Under the direction of Dr Ron Ritchhart, a Principal Investigator and Senior Research Associate for Project Zero at Harvard Graduate School of Education, staff worked together to refine our learning culture and practice as one that considers education to be a social and cultural endeavor whose goal is the development of both the individual and the group as effective learners and thinkers able to engage with and adapt to a changing world. Within this context the most important assessment questions we can ask ourselves as educators is: who are our students becoming as thinkers and learners as a result of their time with us?
Since 2000, the Cultures of Thinking project has worked with hundreds of public, independent, and international schools and museums across North America, Australia, and Europe to help transform schools, classrooms, and museums into places where thinking is valued, visible and actively promoted as part of the regular day-to-day experience of all group members.

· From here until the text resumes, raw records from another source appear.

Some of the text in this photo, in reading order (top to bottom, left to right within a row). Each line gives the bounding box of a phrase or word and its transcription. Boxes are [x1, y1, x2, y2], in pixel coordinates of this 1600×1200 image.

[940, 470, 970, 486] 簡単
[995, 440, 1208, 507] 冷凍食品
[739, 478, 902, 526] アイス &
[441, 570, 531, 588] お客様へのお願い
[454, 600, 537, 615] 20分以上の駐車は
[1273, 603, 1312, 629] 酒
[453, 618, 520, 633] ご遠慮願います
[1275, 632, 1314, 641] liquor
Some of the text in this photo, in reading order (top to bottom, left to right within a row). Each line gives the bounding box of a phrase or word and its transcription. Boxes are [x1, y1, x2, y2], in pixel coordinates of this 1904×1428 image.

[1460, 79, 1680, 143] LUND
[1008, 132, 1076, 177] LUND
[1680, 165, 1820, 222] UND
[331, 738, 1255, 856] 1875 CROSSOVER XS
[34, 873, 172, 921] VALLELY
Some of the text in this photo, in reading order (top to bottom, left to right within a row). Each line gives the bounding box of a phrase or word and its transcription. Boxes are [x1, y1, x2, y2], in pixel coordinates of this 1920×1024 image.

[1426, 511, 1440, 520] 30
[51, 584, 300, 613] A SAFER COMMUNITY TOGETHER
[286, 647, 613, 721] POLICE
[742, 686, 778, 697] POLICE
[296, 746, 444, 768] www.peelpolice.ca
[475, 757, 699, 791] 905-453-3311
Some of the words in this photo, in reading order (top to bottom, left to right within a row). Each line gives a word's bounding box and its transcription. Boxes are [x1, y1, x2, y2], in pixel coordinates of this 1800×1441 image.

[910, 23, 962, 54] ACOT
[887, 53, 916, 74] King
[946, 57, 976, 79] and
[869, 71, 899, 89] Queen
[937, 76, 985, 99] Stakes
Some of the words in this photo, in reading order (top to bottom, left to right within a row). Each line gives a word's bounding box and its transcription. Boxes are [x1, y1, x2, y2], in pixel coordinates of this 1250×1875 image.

Our thinking and learning initiative will work to achieve its goals by working systemically in our classrooms. This includes the formation of ongoing professional learning communities whose attention is focused in exploring and understanding group culture and how it is shaped by the 'Eight Cultural Forces': modeling, opportunities, routines, expectations, language, interactions, time, and environment. By paying attention to how these eight forces send messages about what learning is, what kind of thinking is valued, and what it means to be smart; educators can reshape schools and classrooms into powerful learning environments in which students can achieve at the highest levels. The documentation of learning and the integration of thinking routines - simple structures to scaffold, support, and direct students' thinking - are also core practices.